Keep the pictures out. Write out every line of the listing exactly.
++++ Entries shown ++++
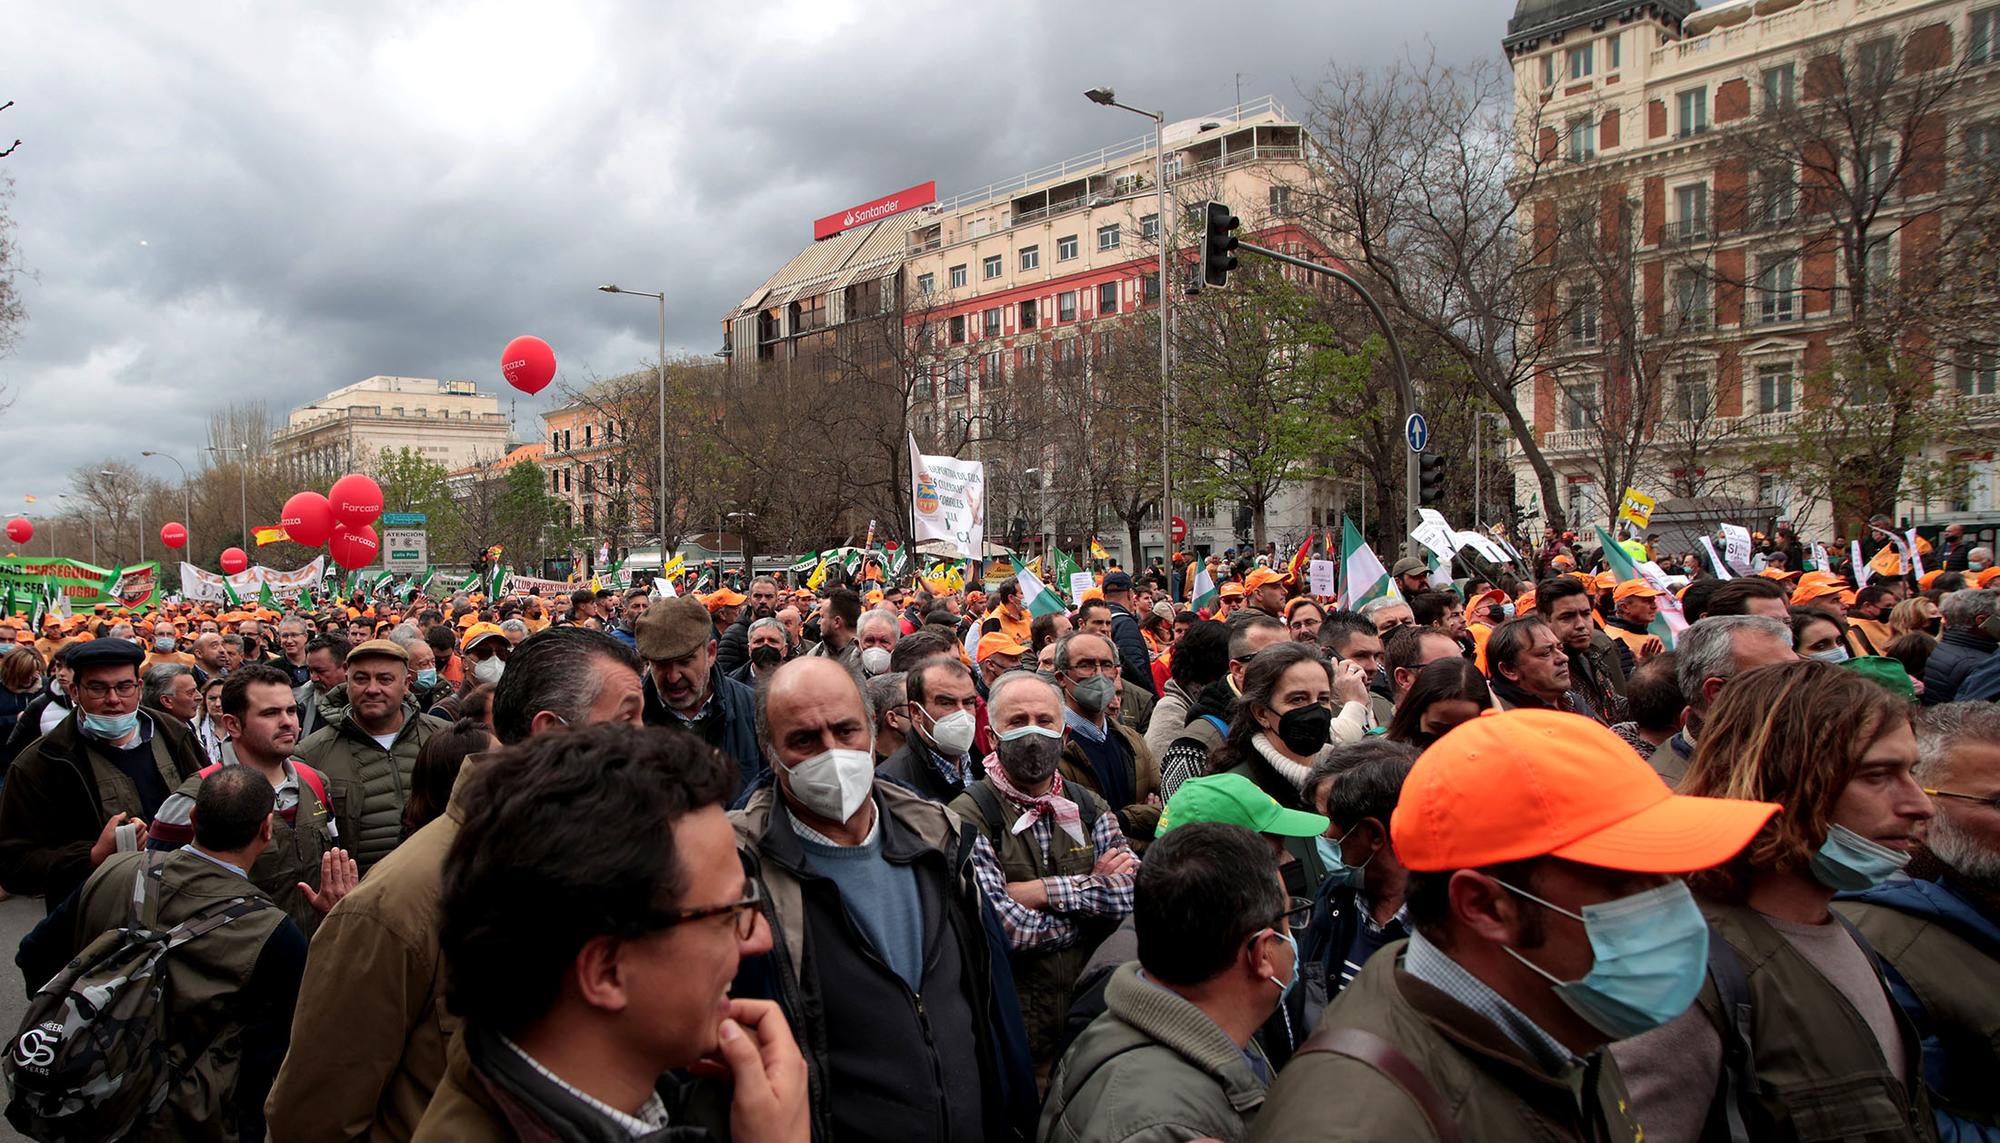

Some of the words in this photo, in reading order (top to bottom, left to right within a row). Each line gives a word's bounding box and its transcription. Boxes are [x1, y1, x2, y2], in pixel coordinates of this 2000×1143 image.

[855, 200, 899, 223] Santander
[342, 502, 379, 513] Farcaza
[343, 532, 376, 549] Farcaza
[514, 579, 531, 590] CLUB
[63, 585, 98, 598] LOGRO
++++
*Exercise answer:*
Some of the words in this photo, in reading order (top to bottom, left to right within a row). Each line gives a word's bounding box and its transcription. Boxes are [x1, y1, x2, y2], in pixel coordinates of this 2000×1143 image.

[855, 200, 899, 223] Santander
[342, 502, 379, 513] Farcaza
[343, 532, 376, 549] Farcaza
[514, 579, 531, 590] CLUB
[63, 585, 98, 598] LOGRO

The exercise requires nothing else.